The LA atmosphere wasn’t helped by reports that at least one managerial employee, iPD Alan Minsky, had been restored to full-time pay. Minsky appears to be misquoting the FCC’s Main Studio Rule, which does in fact require one full-time employee to be maintained at a licensed noncommercial radio outlet, but describes that employee as “non-managerial” which is usually interpreted as a technical employee or in radio parlance, a chief engineer. The main studio rules clearly permit a part-time general manager/PD combo as long as hours are staggered, but in the general chaos the restoration to full-time for Minsky seems to have gone through, despite the fondness of the Siegel/Brazon ruling faction for “chop from the top” manifestos.

Radio MagOnline contains a brief “what you need to know” about the rule here:

“Each main studio must be staffed with at least two full-time employees. One of the two employees must be managerial.

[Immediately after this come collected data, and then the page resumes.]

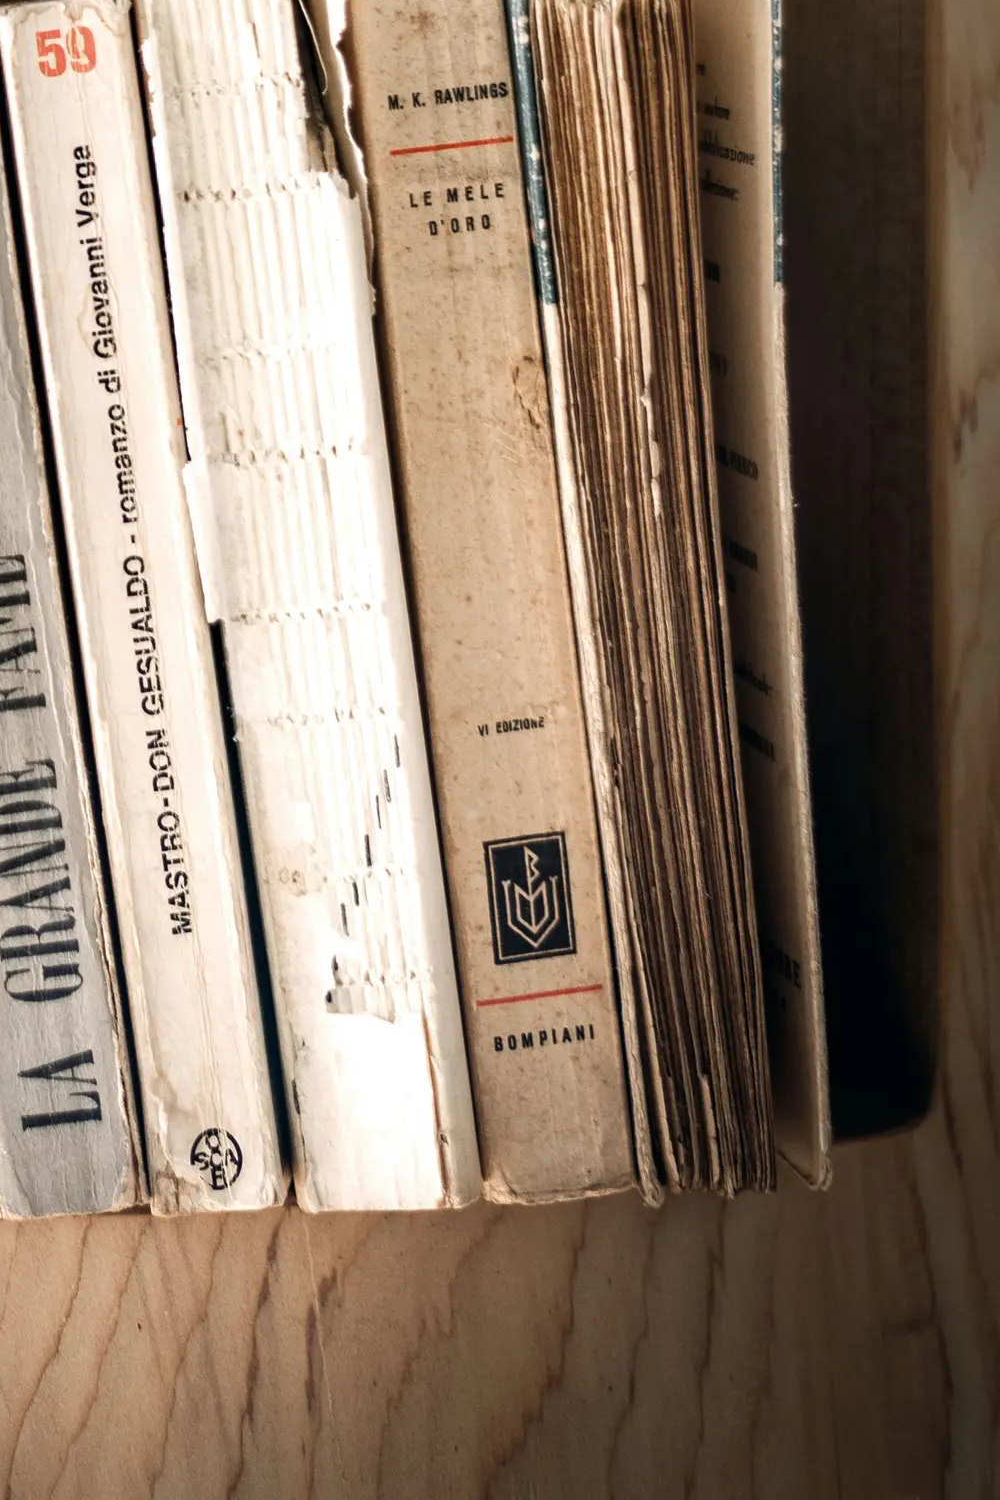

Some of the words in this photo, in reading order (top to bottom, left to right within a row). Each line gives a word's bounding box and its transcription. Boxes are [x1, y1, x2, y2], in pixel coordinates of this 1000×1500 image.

[35, 25, 97, 77] 59
[388, 94, 404, 111] M.
[411, 92, 426, 109] K.
[434, 82, 509, 105] RAWLINGS
[72, 144, 99, 228] Verga
[409, 191, 433, 208] LE
[446, 182, 505, 203] MELE
[428, 214, 491, 236] D'ORO
[79, 236, 118, 359] Giovanni
[97, 369, 121, 394] di
[108, 404, 138, 524] romanzo
[123, 555, 165, 716] GESUALDO
[477, 723, 489, 736] VI
[496, 716, 545, 734] EDIZIONE
[494, 1023, 595, 1052] BOMPIANI
[17, 1049, 103, 1132] LA
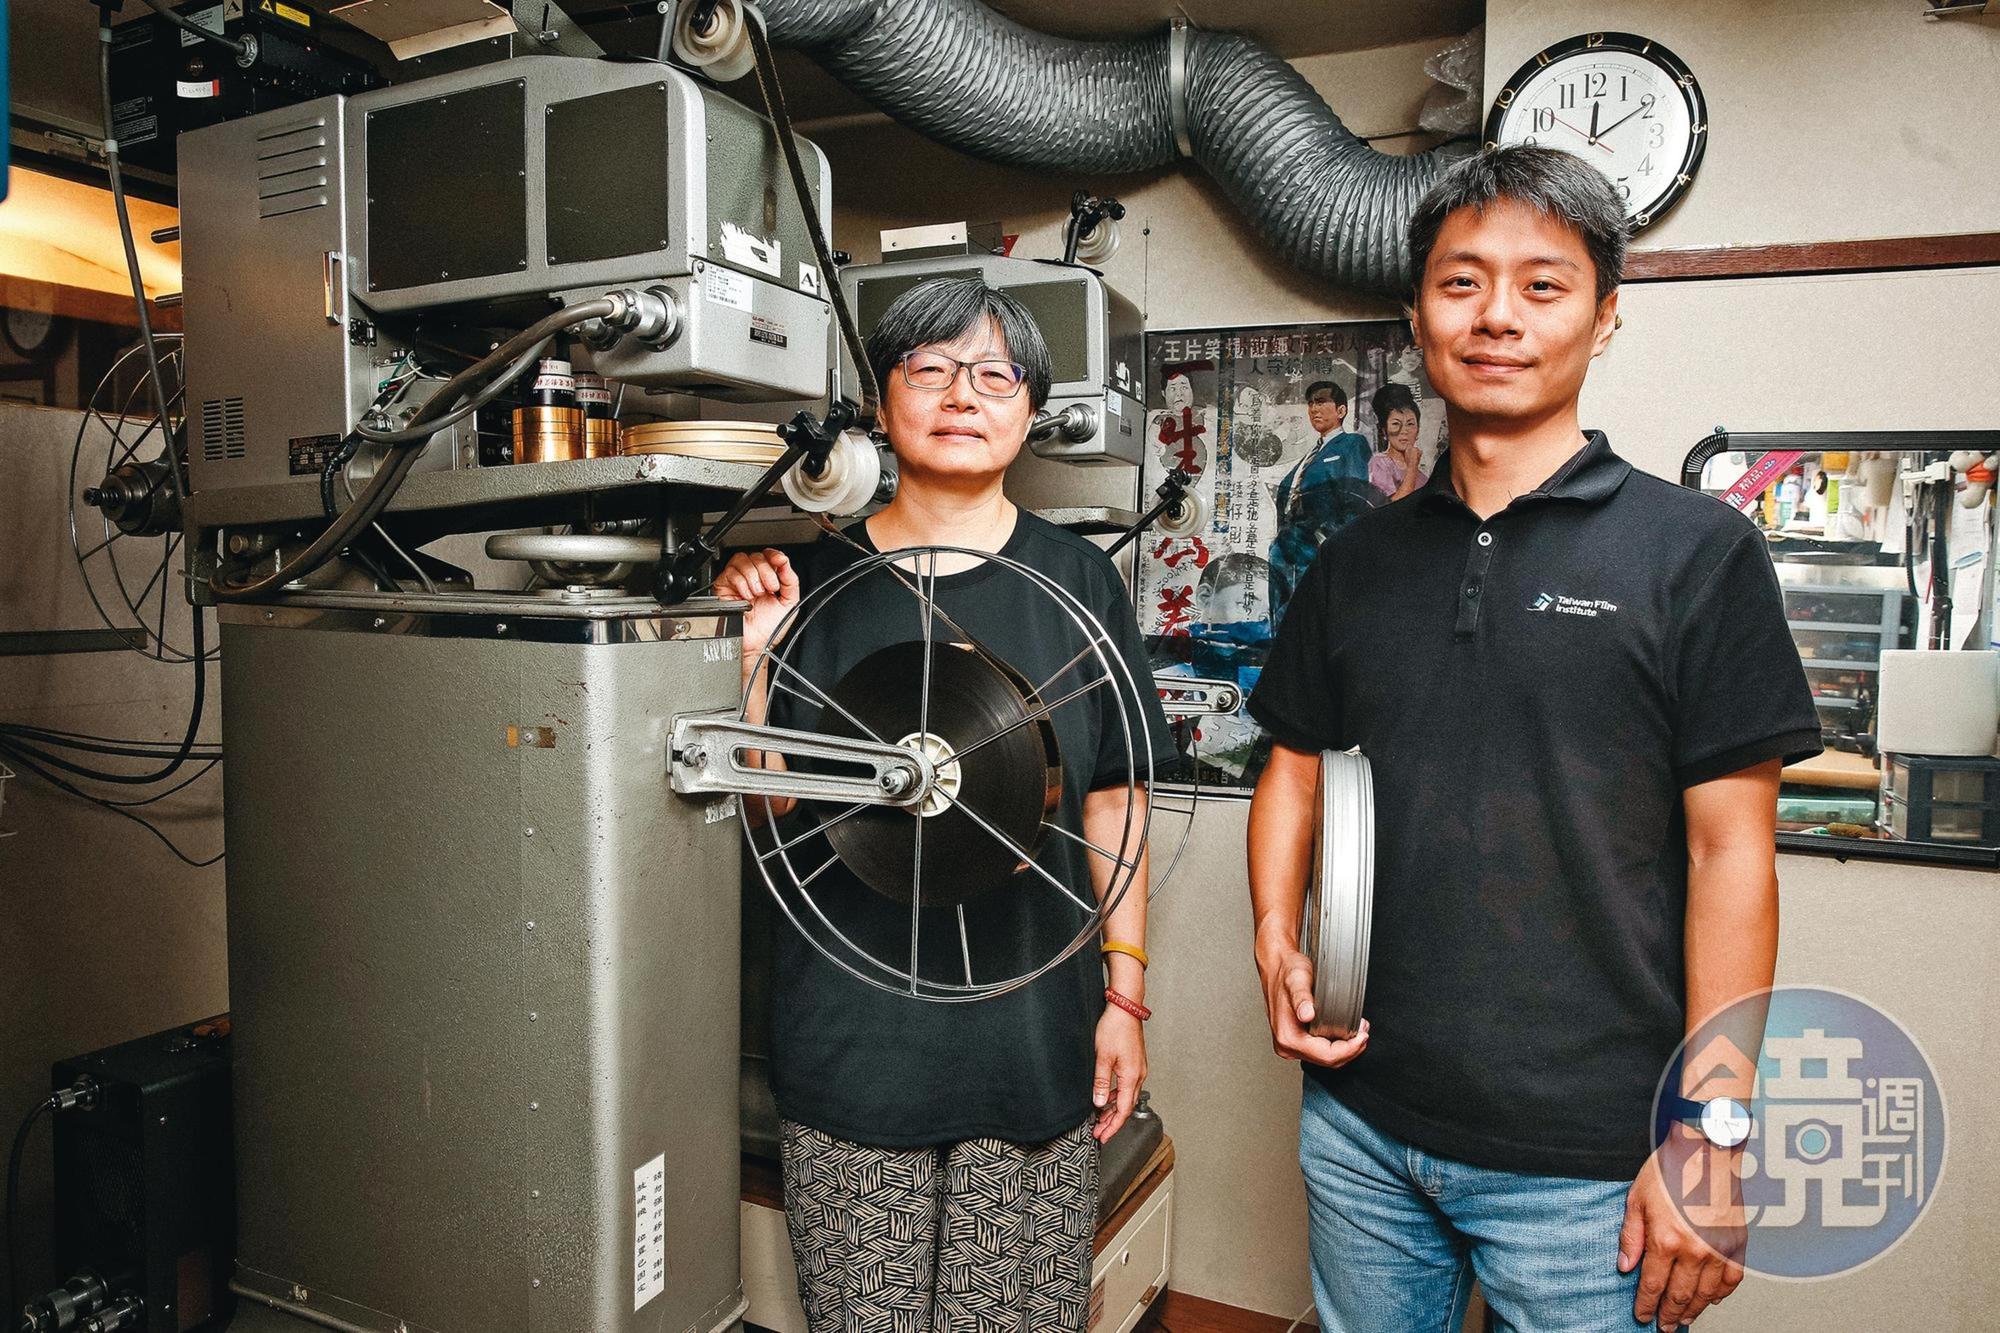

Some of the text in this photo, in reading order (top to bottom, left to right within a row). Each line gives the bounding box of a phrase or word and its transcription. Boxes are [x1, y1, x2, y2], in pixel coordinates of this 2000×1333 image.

The managerial employee must be based at the main studio and spend at least part of each day there. Alternatively, a station may employ two or more part-time managerial employees whose combined hours provide a full-time managerial presence at the main studio. The non-managerial or staff employee may be shared with another employer if the employee is present full-time at the main studio and has adequate time to handle his or her tasks for the station”. 

Another of the strange phenomena in effect this week was the phantom of Uprising, which disappeared from KPFK’s air on Wednesday with replacement hosts on Thursday and Friday, but time-warped on KPFA where the fund drive in process aired reruns. Listeners donated fairly heavily to ghost Uprising, apparently trying to be supportive of whatever the heck was going on. On the same day, KPFK announced Uprising would be hosted by other people three times a week and then KPFA announced Uprising would be hosted by Kolhatkar 5 days a week. Kolhatkar later provided a post on her blog indicating Radford, apparently with no supervision from Pacifica, told Free Speech TV to broadcast the multi-host version of Uprising to fulfill the contract between Pacifica and FSTV.  Free Speech TV declined and withdrew from the contract. Pacifica collected $62,999 from 500+ donors on Indiegogo last year to install a TV production studio in LA for Uprising TV, but managed to keep the TV show in production for only 10 months. Kolhatkar begged Pacifica interim ED Margy Wilkinson not to raid the Indiegogo funds last year and use them for general operating expenses, but that was to no avail as the restricted bank account was emptied in the fall of 2014.

The current situation presents the prospect the network will simultaneously air at 8:00am two completely different shows called Uprising in California, with KPFA making money for itself from Kolhatkar’s labor troubles, instead of generating new local programming which the Berkeley station has largely failed to do. The Northern CA broadcasts will exacerbate listener migration away from KPFK with easy online access to Kolhatkar’s “banned broadcasts”. It is likely to accelerate the meltdown former IED Margy Wilkinson is facilitating after appointing the unqualified Radford to break KPFK financially and help convey KPFA’s broadcast license to her own private nonprofit.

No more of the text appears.